Restaurant delivery isn't a new concept. For decades, people have been phoning their favorite greasy spoon spot for delivery, letting them stay home and gather up the family while their food is prepared and sent to them. No hassle, no problems. But with the spread of COVID-19 throughout the United States, dine-in options have been mostly shut down or only partially available.
However, the response from restaurants in the United States has been to implement or expand delivery and takeout services. Even large chain restaurants, like Applebees, and fast food choices, like Wendy's, are offering restaurant delivery today, and plan to even after the pandemic slows.

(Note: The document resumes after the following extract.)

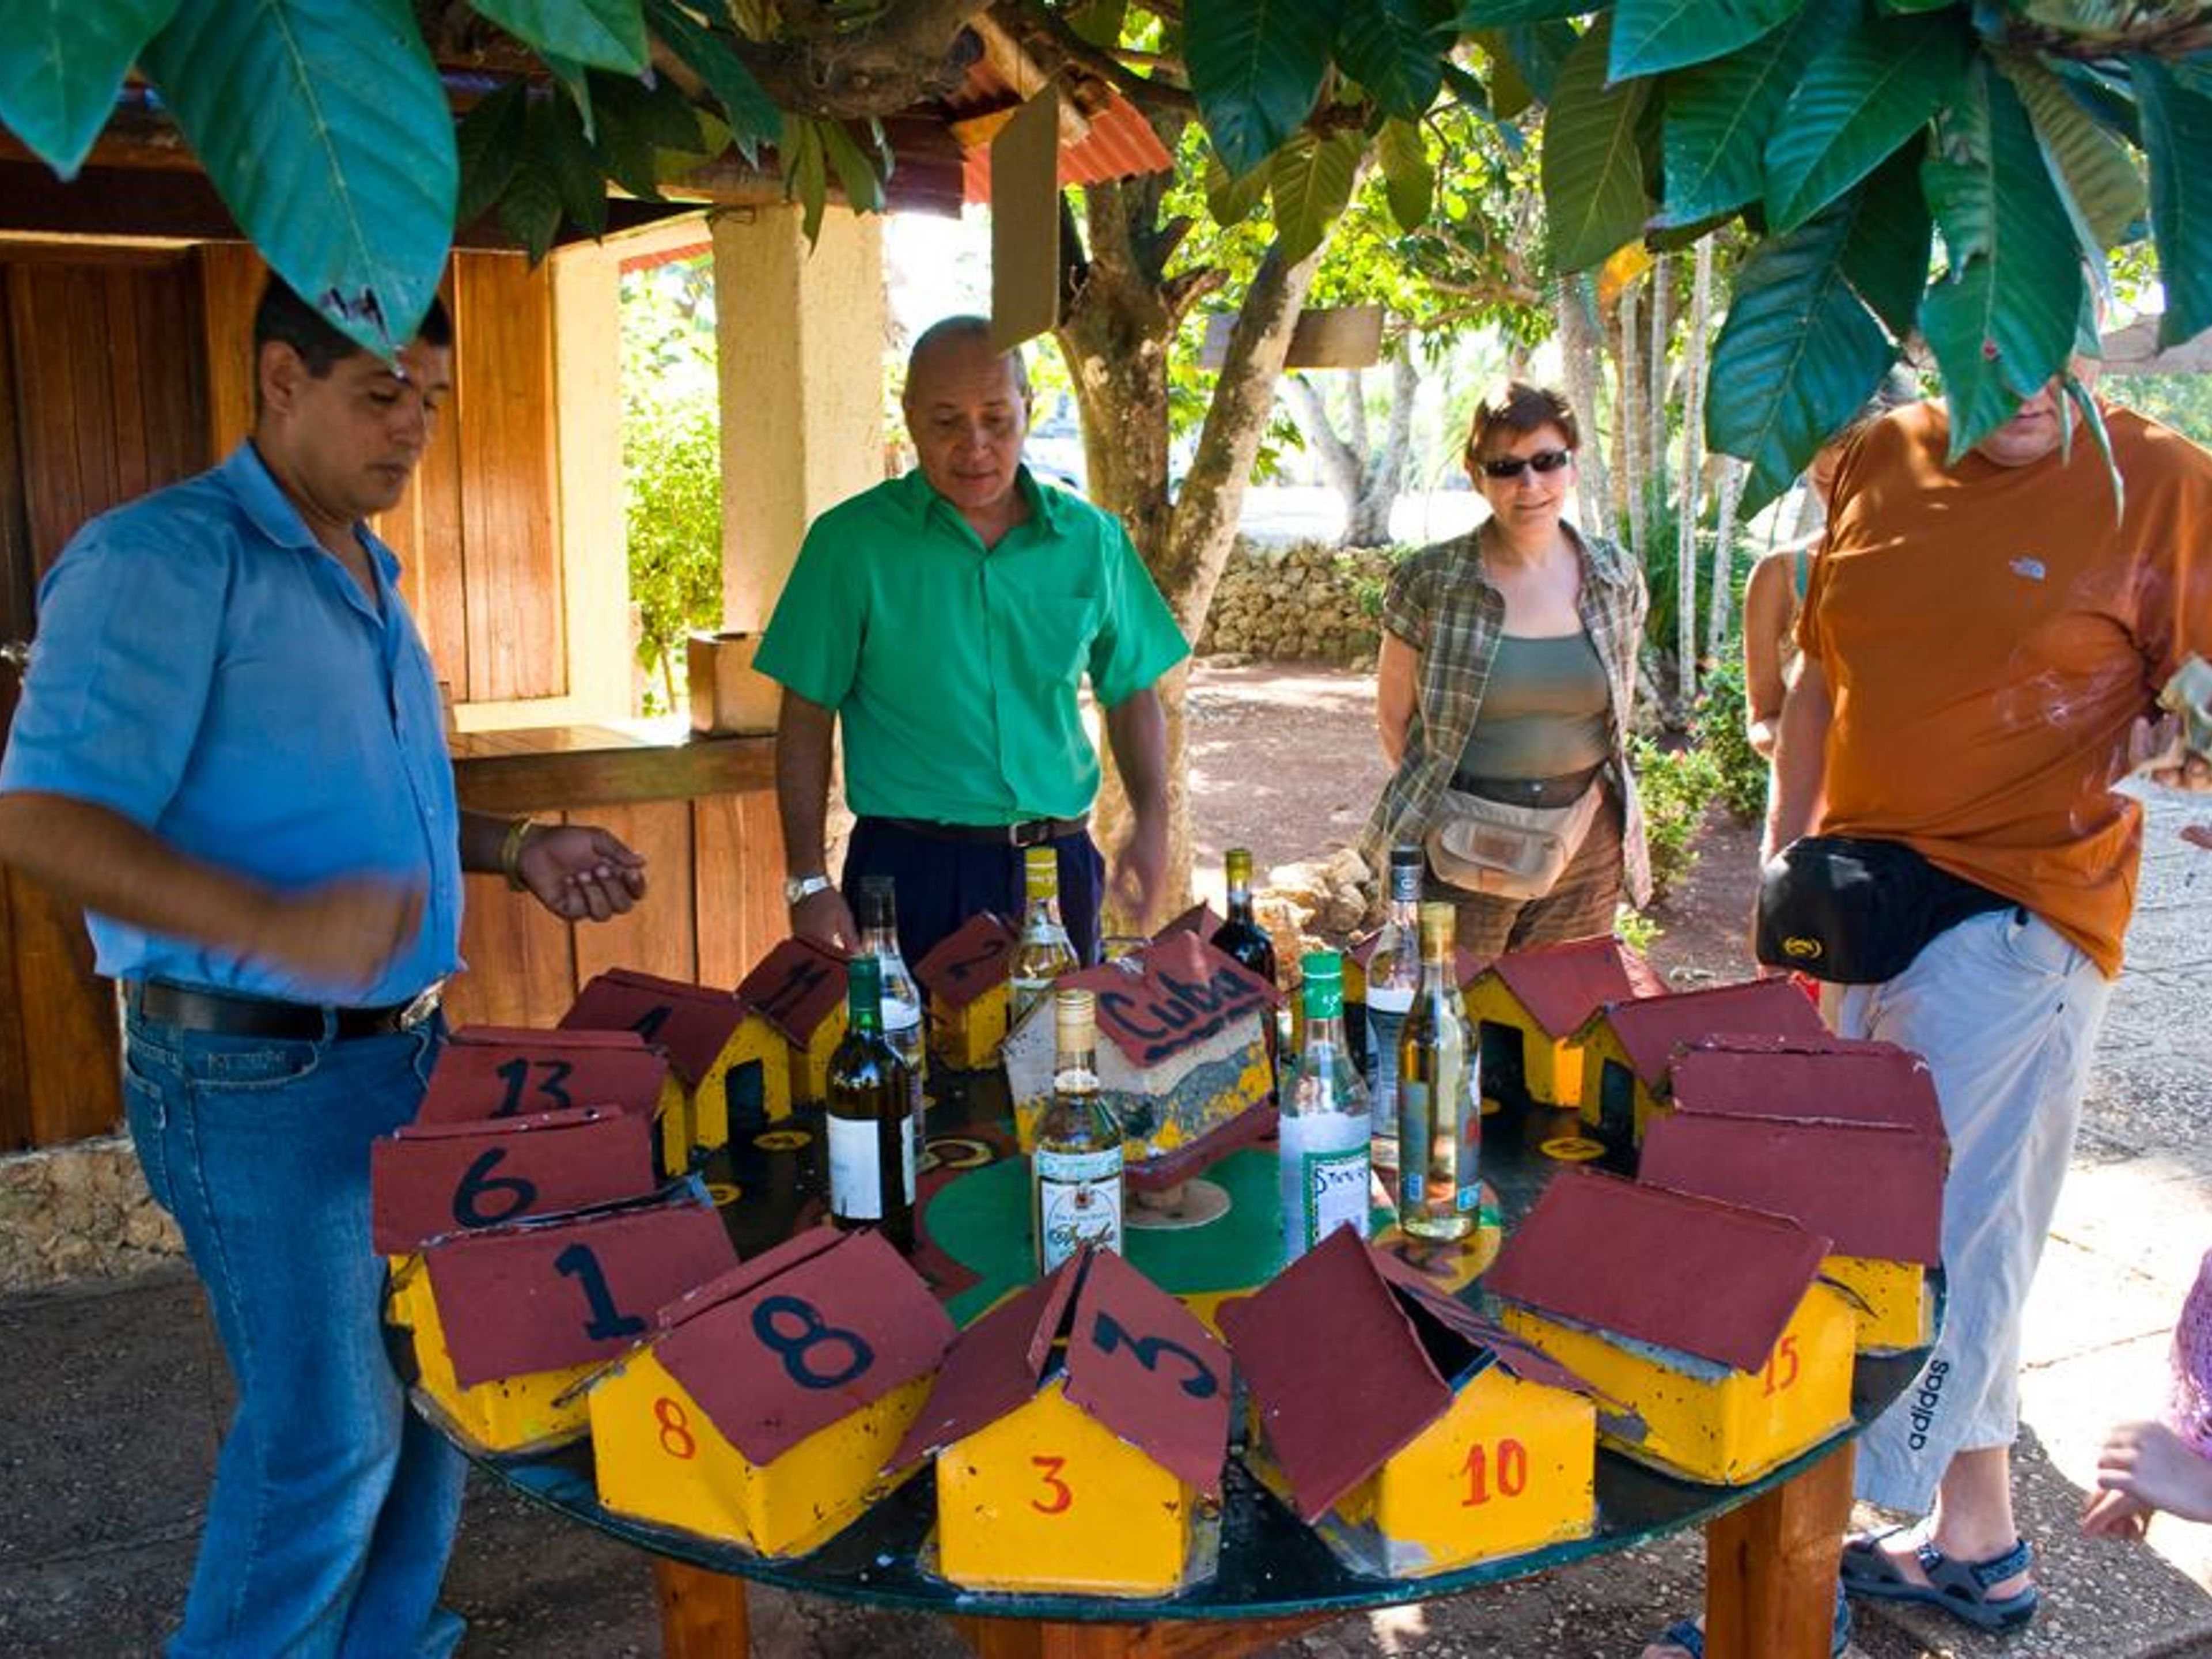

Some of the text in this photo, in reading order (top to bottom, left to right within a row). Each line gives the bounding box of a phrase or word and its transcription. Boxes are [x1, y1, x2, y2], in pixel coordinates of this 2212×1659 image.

But even without the pandemic fueling the movement to offer delivery, restaurants would have been right to set out plans to offer delivery. The rising trend of restaurant delivery service is here to stay, meaning that restaurant clients should review their strategy around this option and consider liability risks. To make the process easier, and to help determine the right plan of action, here are some important things to consider.
The delivery model is rising fast. During a March 2020 survey of consumers in the United States, 41.7 percent of respondents stated that if confined to their homes during the coronavirus, they were likely to purchase restaurant food delivery online. What's more, according to the National Restaurant Association, off-premise dining, including takeout, delivery, and curbside pickup makes up 60% of all restaurant traffic in the U.S.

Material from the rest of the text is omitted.